* Listed entries *
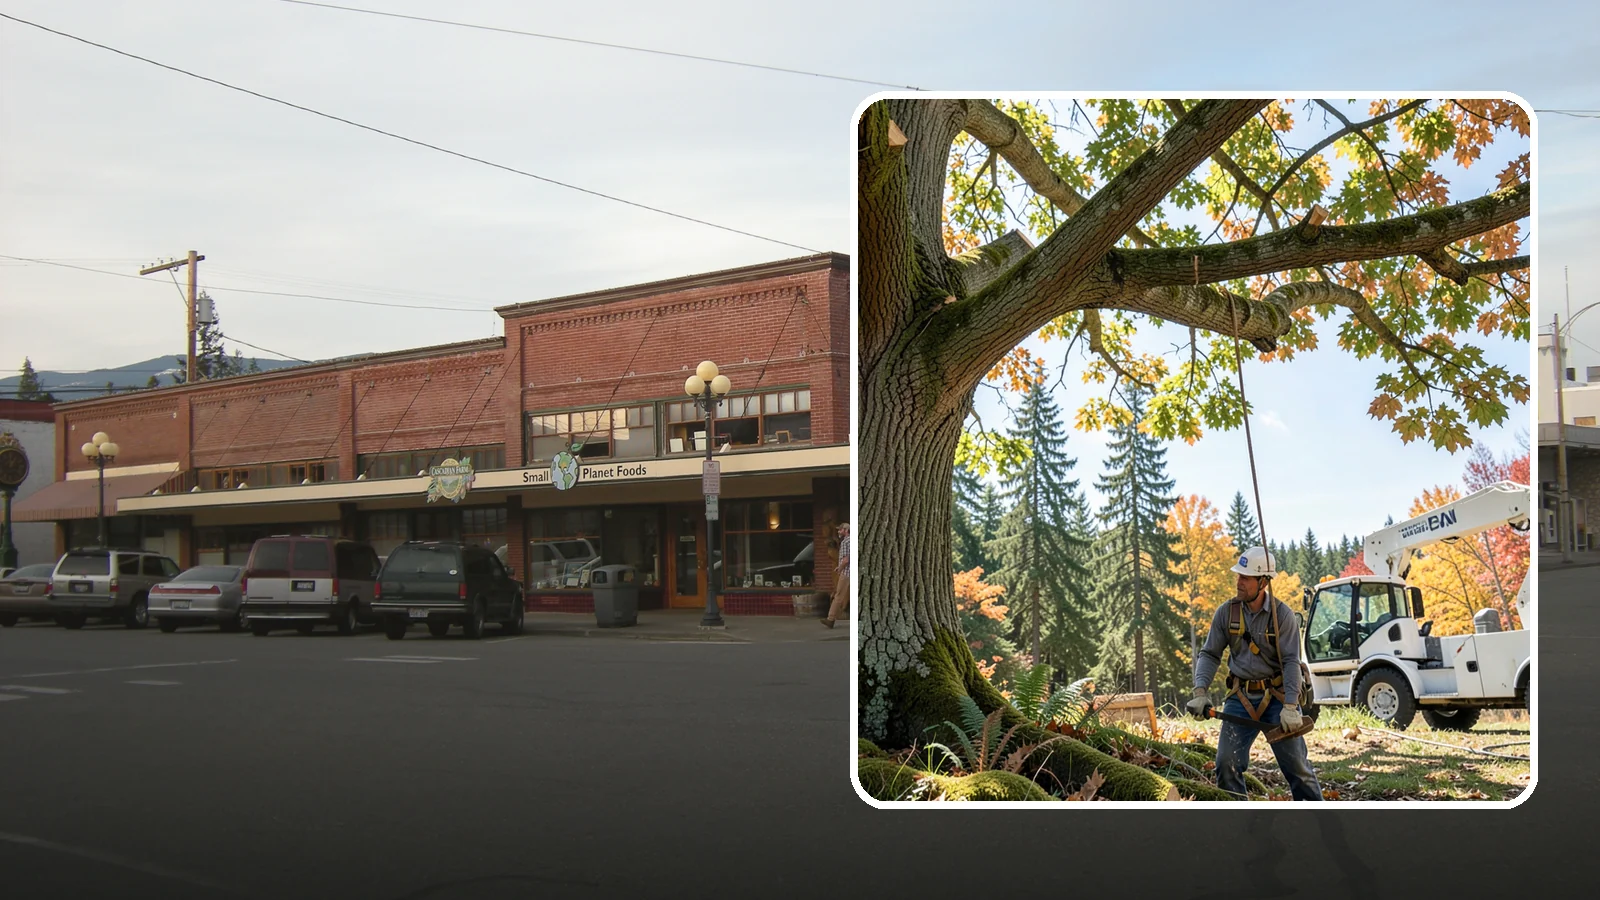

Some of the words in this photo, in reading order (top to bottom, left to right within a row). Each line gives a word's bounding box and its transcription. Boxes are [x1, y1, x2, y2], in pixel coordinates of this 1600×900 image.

[523, 471, 549, 483] Small
[582, 467, 614, 480] Planet
[616, 464, 647, 477] Foods
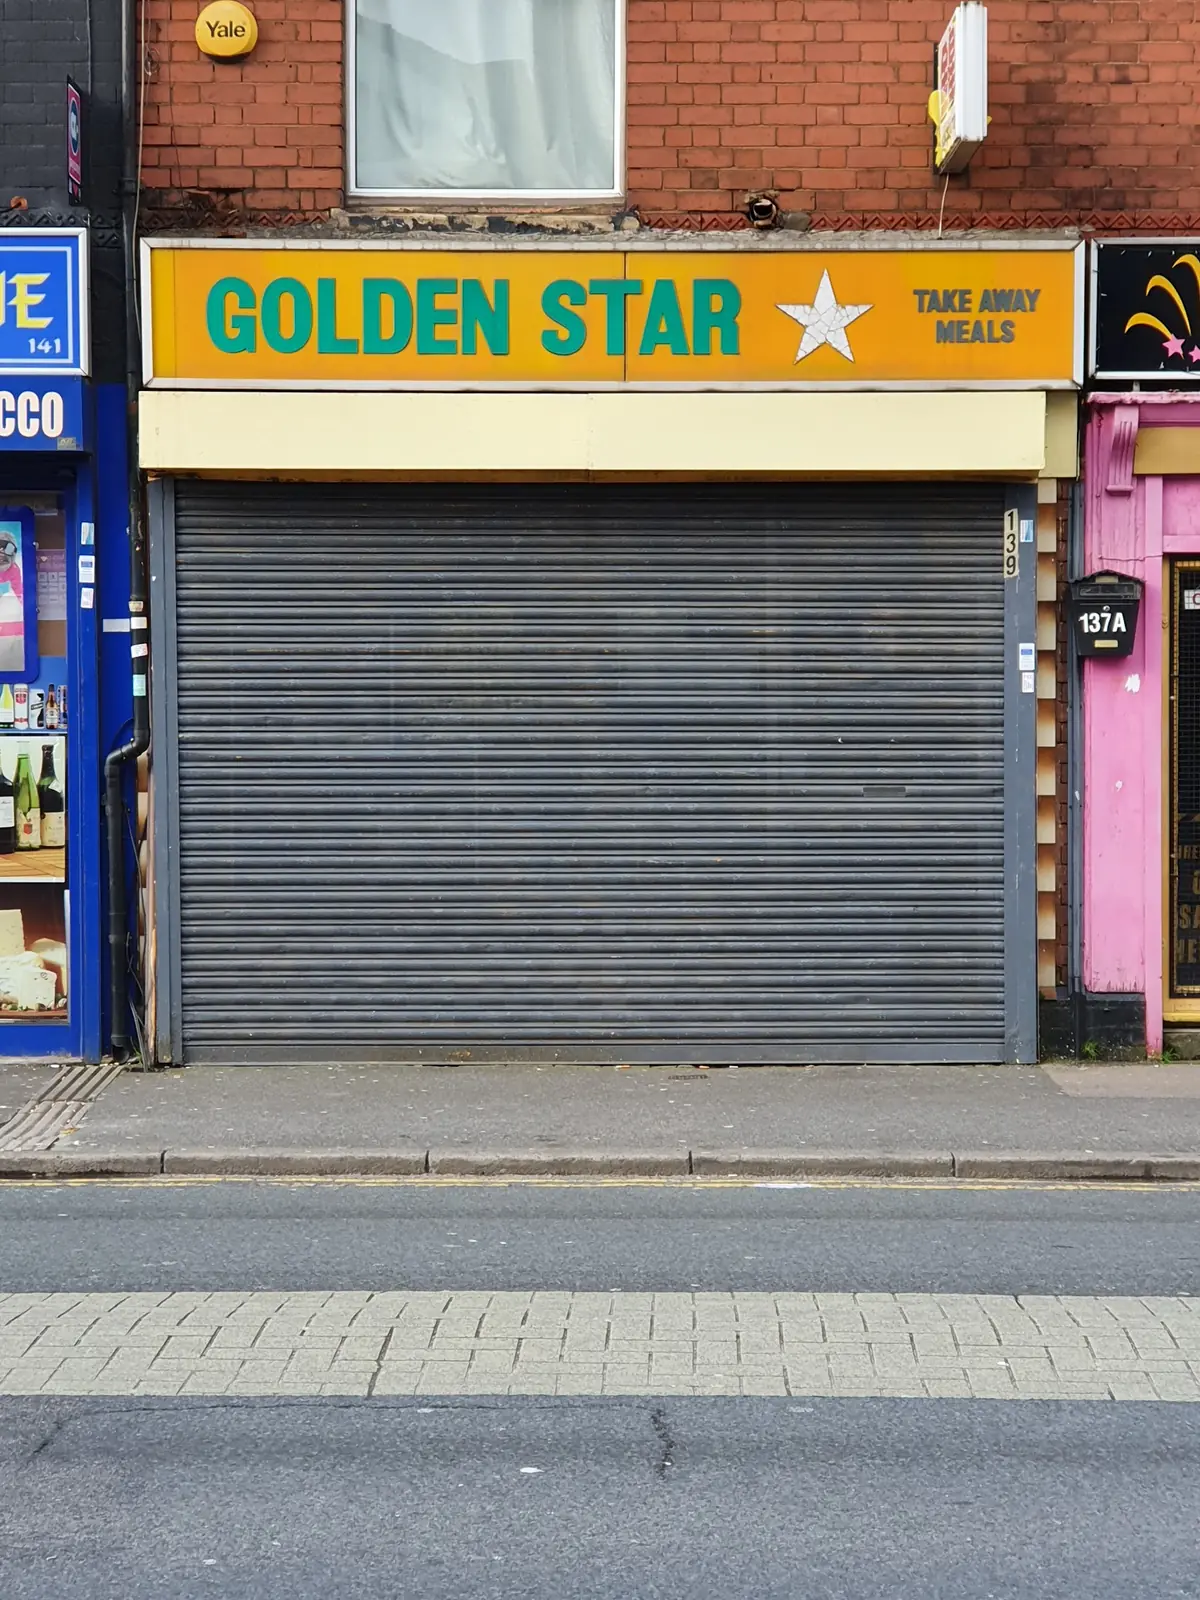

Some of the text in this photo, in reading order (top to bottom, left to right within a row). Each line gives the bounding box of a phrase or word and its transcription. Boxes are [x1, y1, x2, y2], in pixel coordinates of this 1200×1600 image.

[205, 20, 246, 38] Yale
[0, 271, 54, 329] E
[914, 289, 1041, 313] TAKE AWAY
[206, 277, 741, 356] GOLDEN STAR
[936, 320, 1016, 344] MEALS
[28, 337, 61, 354] 141
[1006, 510, 1017, 576] 139
[1078, 612, 1127, 633] 137A

* Task to complete *
The records above need to be printed in full and exactly, without any of the pictures.

* Response *
Some of the words in this photo, in reading order (top to bottom, left to right within a row). Each line gives a word's bounding box and its transcription. Boxes are [x1, y1, x2, y2], in pixel coordinates of this 1600×900 image.

[523, 471, 549, 483] Small
[582, 467, 614, 480] Planet
[616, 464, 647, 477] Foods

Some of the text in this photo, in reading order (top to bottom, left to right within a row). Each line gives the bounding box of a phrase or word and its transcription. Boxes are [x1, y1, x2, y2], in pixel coordinates of this 1200×1600 image.

[205, 20, 246, 38] Yale
[0, 271, 54, 329] E
[914, 289, 1041, 313] TAKE AWAY
[206, 277, 741, 356] GOLDEN STAR
[936, 320, 1016, 344] MEALS
[28, 337, 61, 354] 141
[1006, 510, 1017, 576] 139
[1078, 612, 1127, 633] 137A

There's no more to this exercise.